- **Try it**
Reproduce every line below exactly as written; do not include the images.

Records contained in a dataset
────

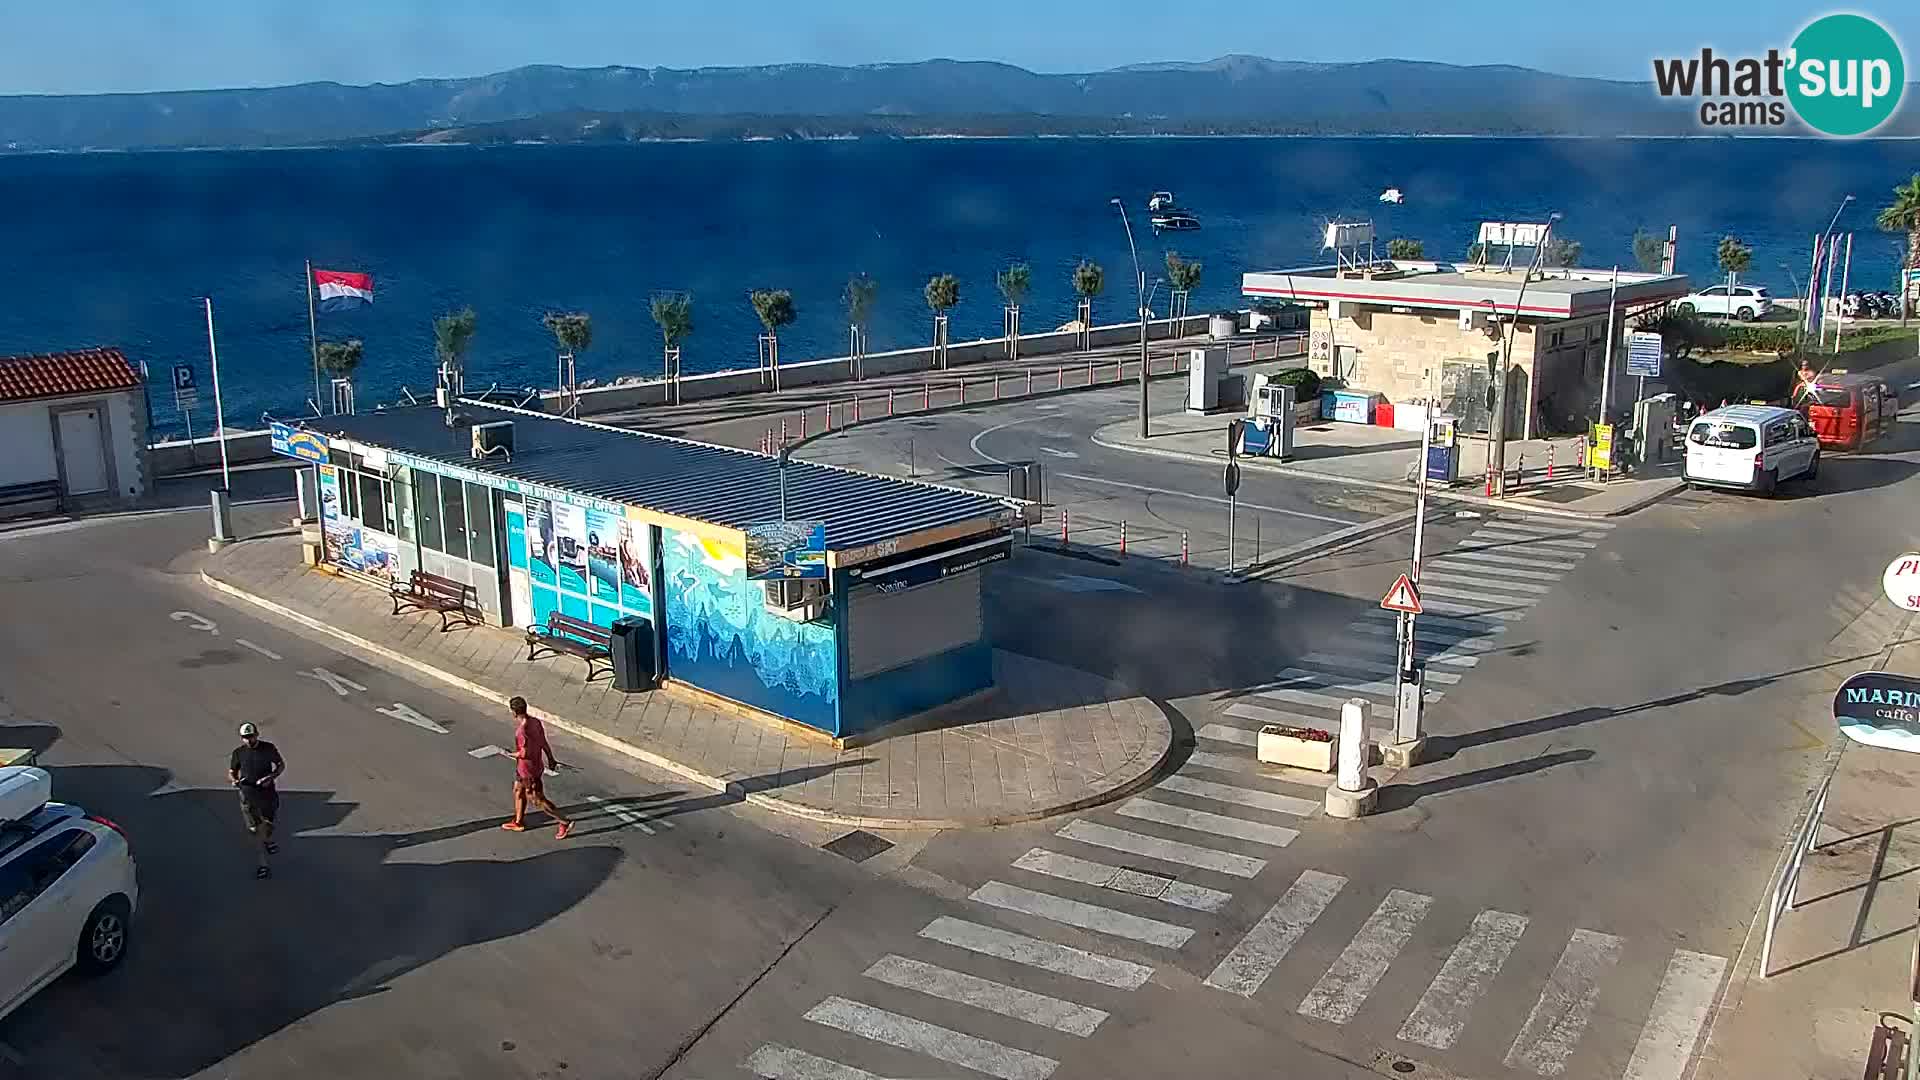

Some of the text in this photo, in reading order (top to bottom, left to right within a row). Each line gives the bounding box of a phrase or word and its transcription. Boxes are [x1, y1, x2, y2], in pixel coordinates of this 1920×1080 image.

[178, 367, 191, 387] P
[533, 486, 567, 503] STATION
[569, 495, 594, 508] TICKET
[594, 500, 622, 514] OFFICE
[1907, 595, 1920, 608] S

────

- **Task output**
Some of the text in this photo, in reading order (top to bottom, left to right within a row). Each line gives the bounding box of a phrase or word and its transcription. Boxes are [x1, y1, x2, y2], in pixel coordinates of this 1920×1080 image.

[178, 367, 191, 387] P
[533, 486, 567, 503] STATION
[569, 495, 594, 508] TICKET
[594, 500, 622, 514] OFFICE
[1907, 595, 1920, 608] S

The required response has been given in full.